┌─ THE DATA

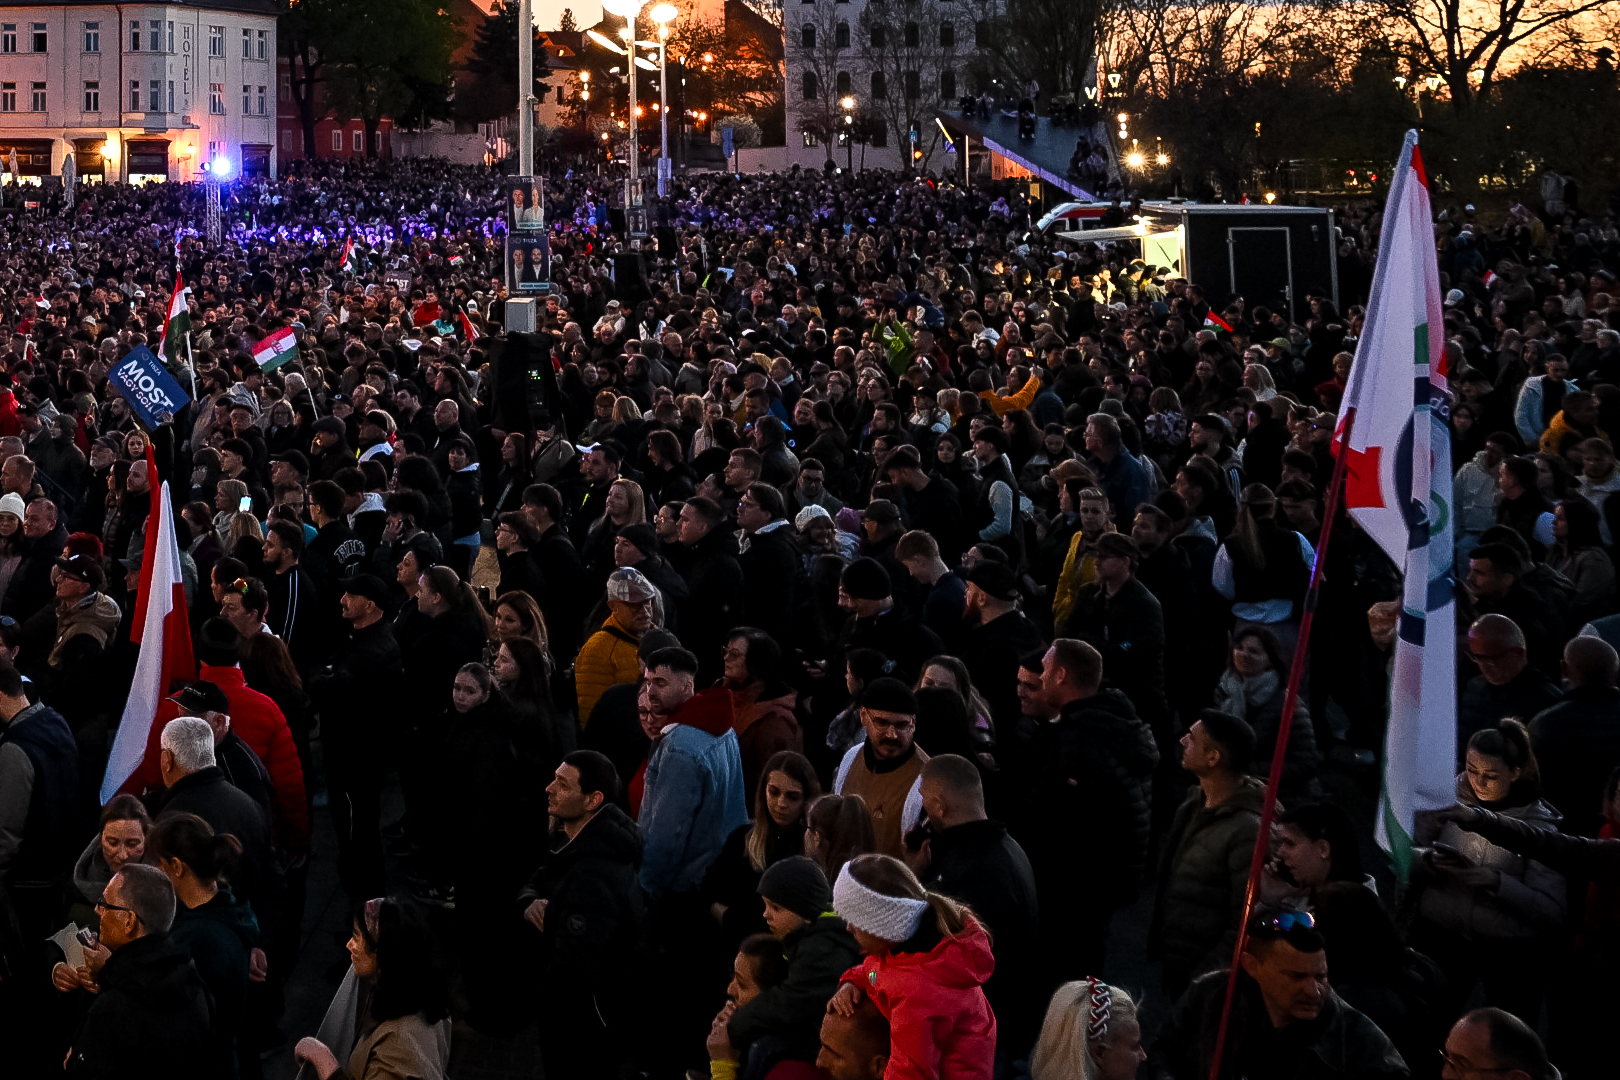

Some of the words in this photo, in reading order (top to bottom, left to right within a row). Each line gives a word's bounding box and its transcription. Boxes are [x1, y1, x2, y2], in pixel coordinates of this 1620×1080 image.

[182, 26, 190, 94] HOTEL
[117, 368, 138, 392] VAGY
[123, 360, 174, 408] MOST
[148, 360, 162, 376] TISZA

└─

I'd like every record above written out again exactly, without the pictures.

Some of the words in this photo, in reading order (top to bottom, left to right within a row). Each line gives a word's bounding box and its transcription. Boxes are [x1, y1, x2, y2], in pixel coordinates of this 1620×1080 image.

[182, 26, 190, 94] HOTEL
[117, 368, 138, 392] VAGY
[123, 360, 174, 408] MOST
[148, 360, 162, 376] TISZA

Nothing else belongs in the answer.